(Spatial localization data)
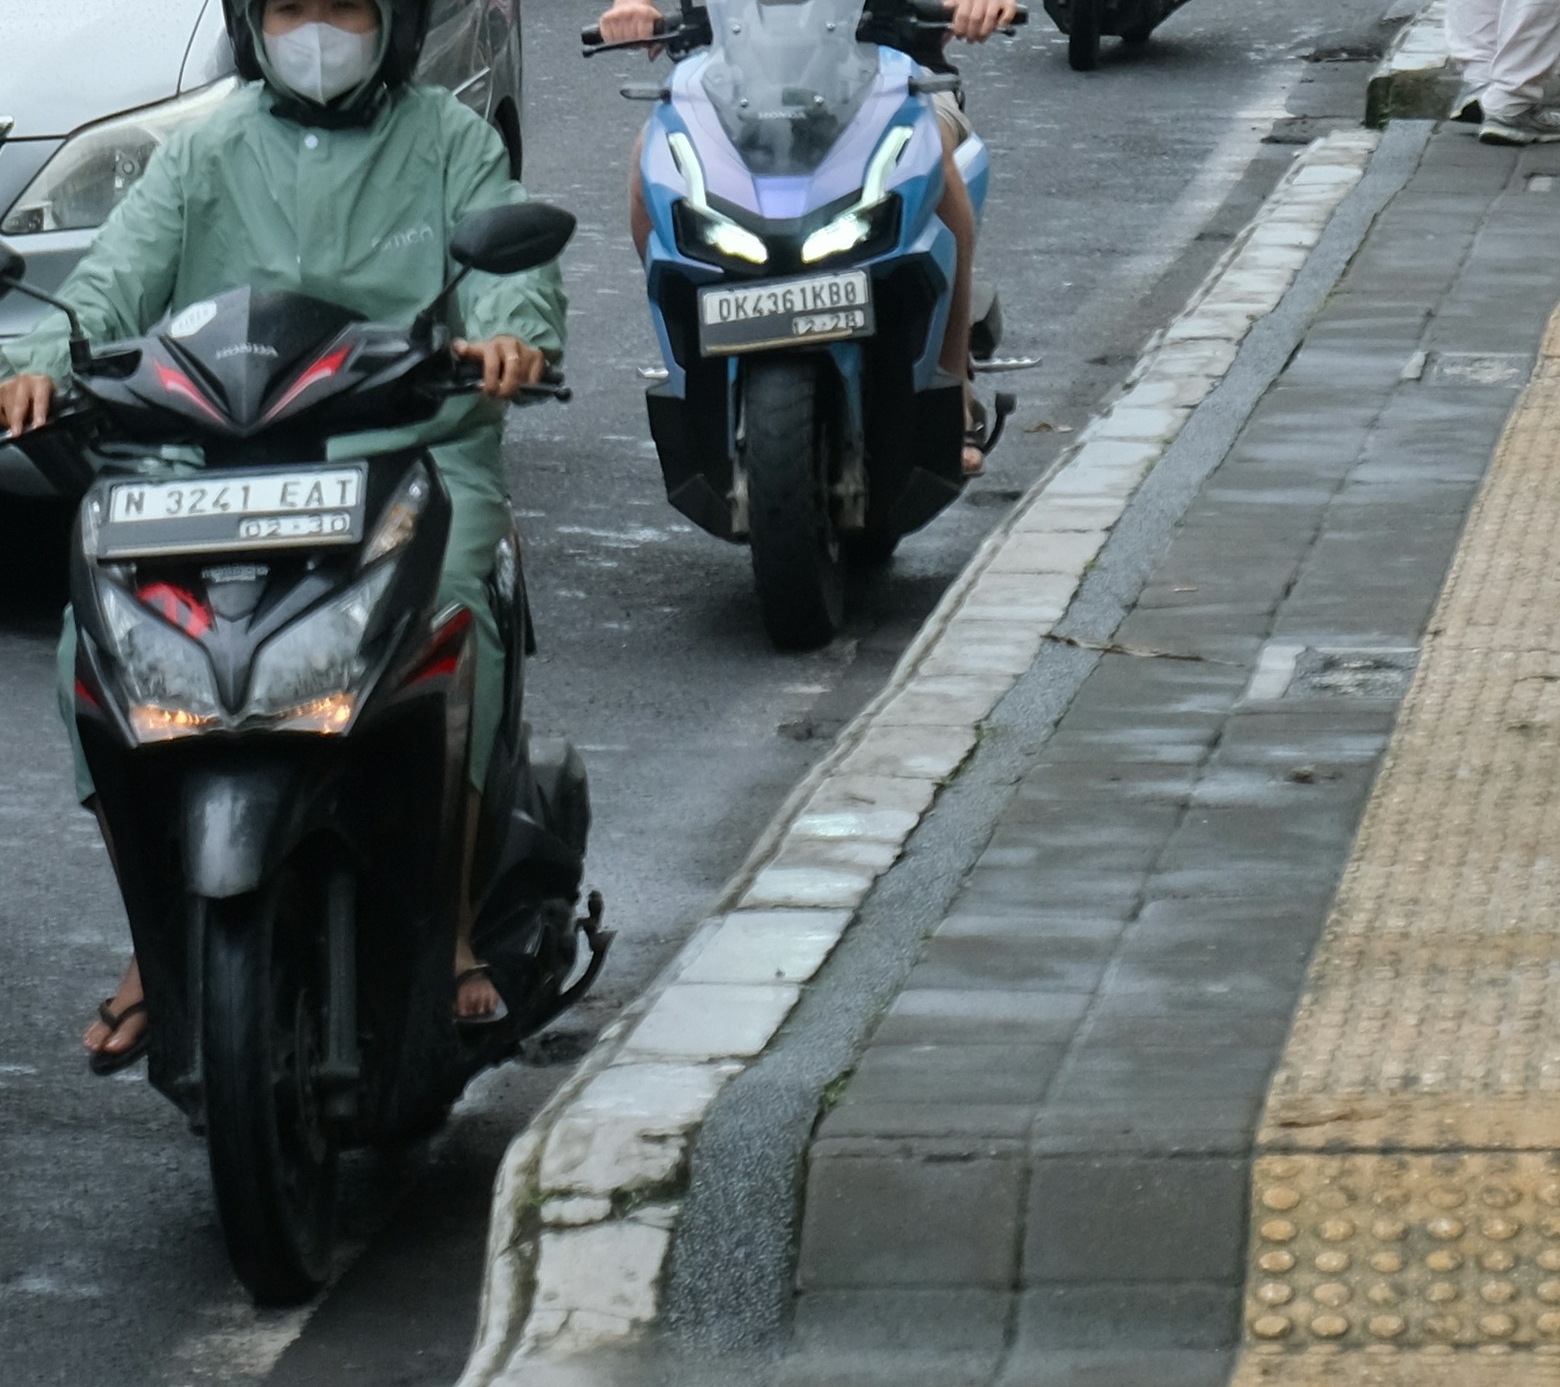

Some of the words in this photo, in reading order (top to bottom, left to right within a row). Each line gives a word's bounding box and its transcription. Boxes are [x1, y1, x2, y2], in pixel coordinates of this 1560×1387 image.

[216, 341, 279, 360] HONDA
[124, 489, 146, 515] N
[165, 484, 252, 516] 3241
[280, 479, 353, 509] EAT
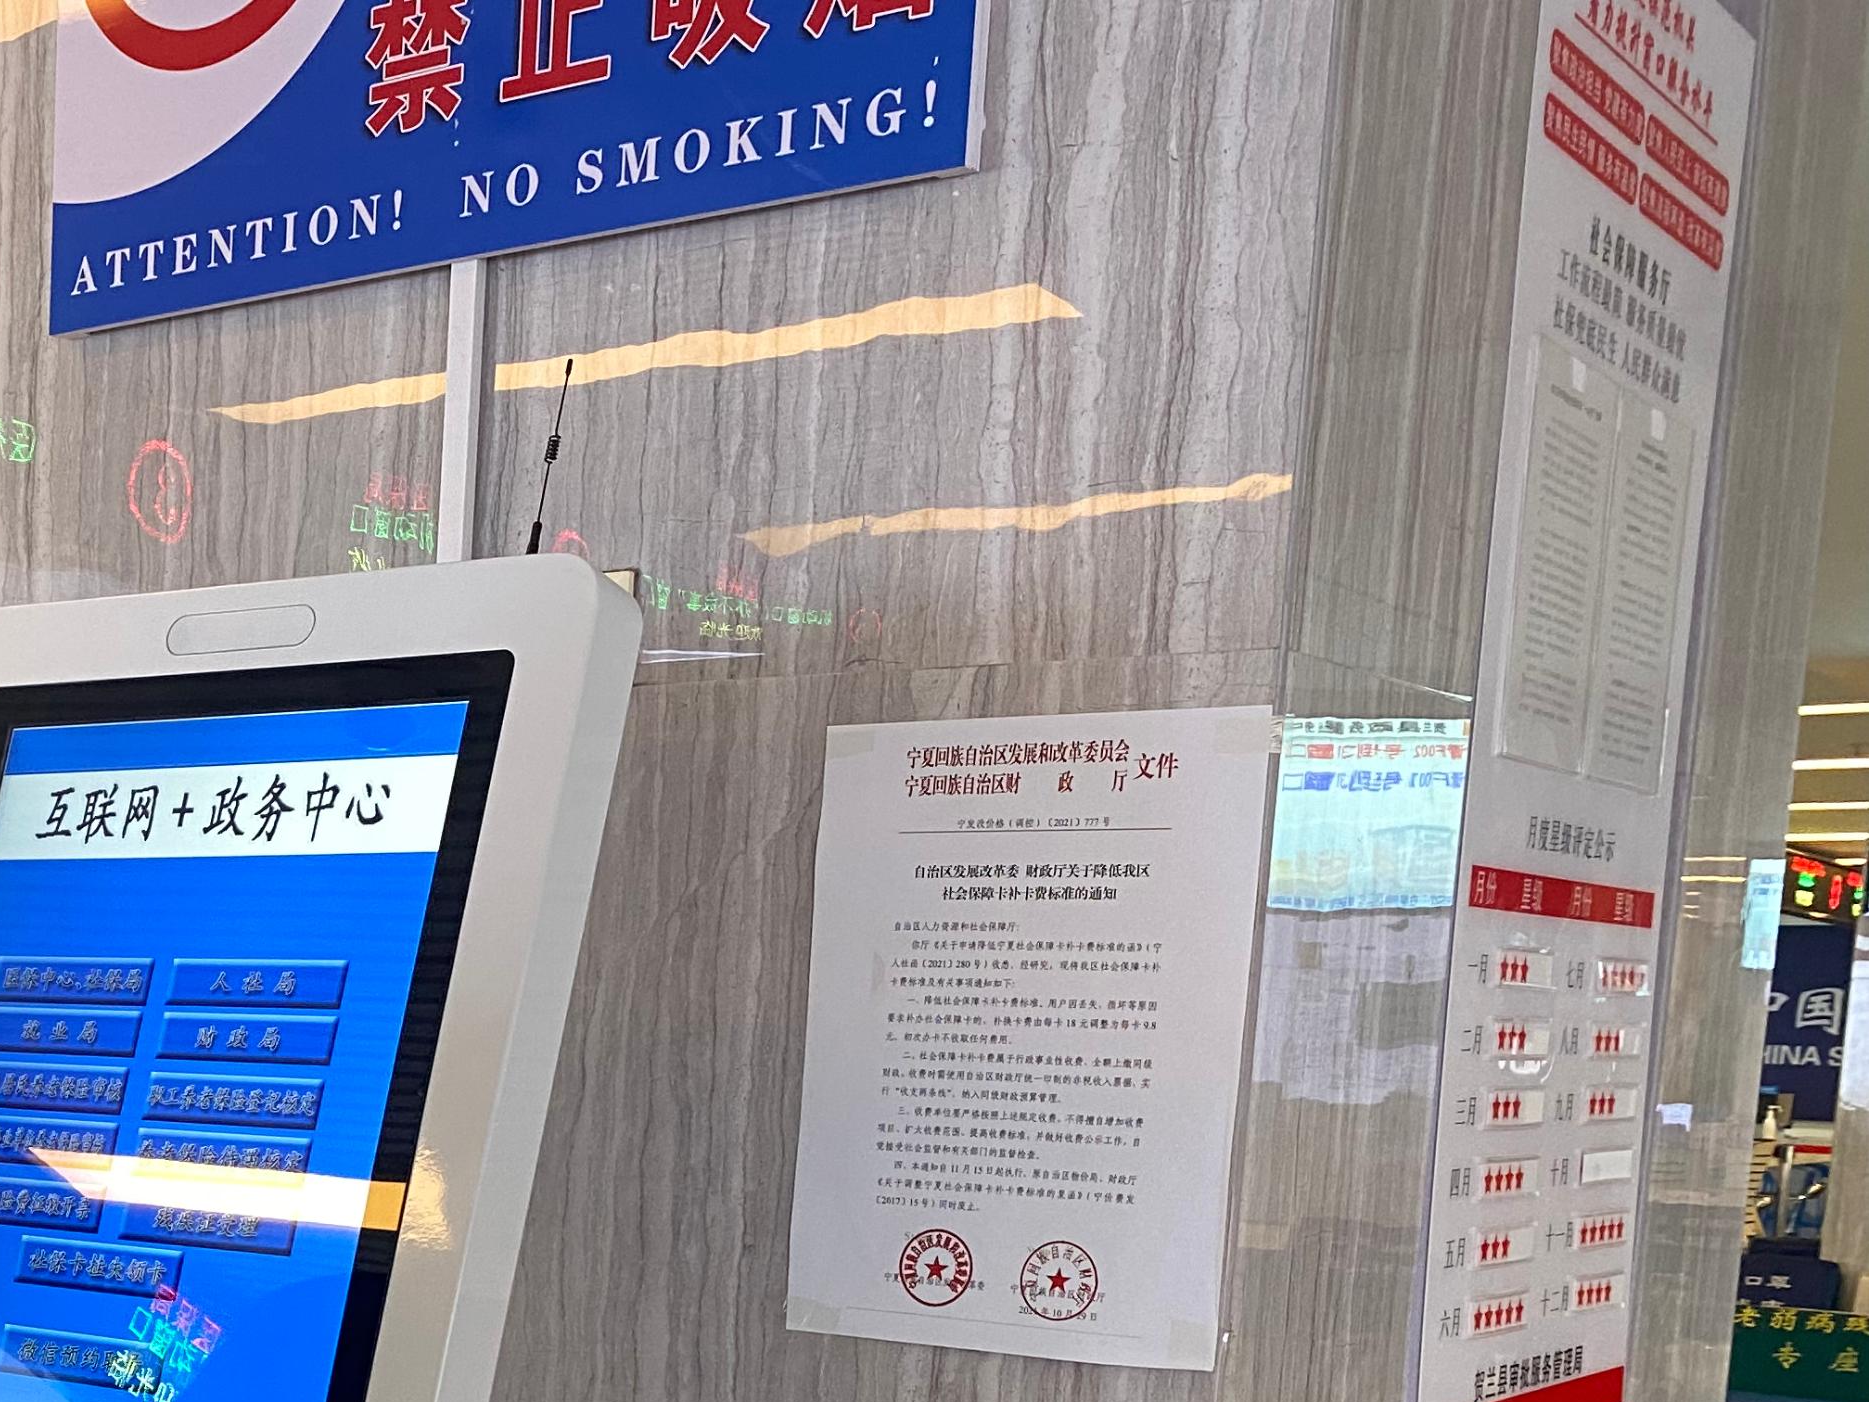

Problem requirements: Reproduce the lines above exactly, please, but not the pictures in them.

Your response:
Some of the words in this photo, in reading order (top to bottom, left to right within a row). Each line gives a word's bounding box and its transcription. Boxes are [x1, y1, x2, y2], in pixel coordinates of this 1560×1387 image.

[216, 341, 279, 360] HONDA
[124, 489, 146, 515] N
[165, 484, 252, 516] 3241
[280, 479, 353, 509] EAT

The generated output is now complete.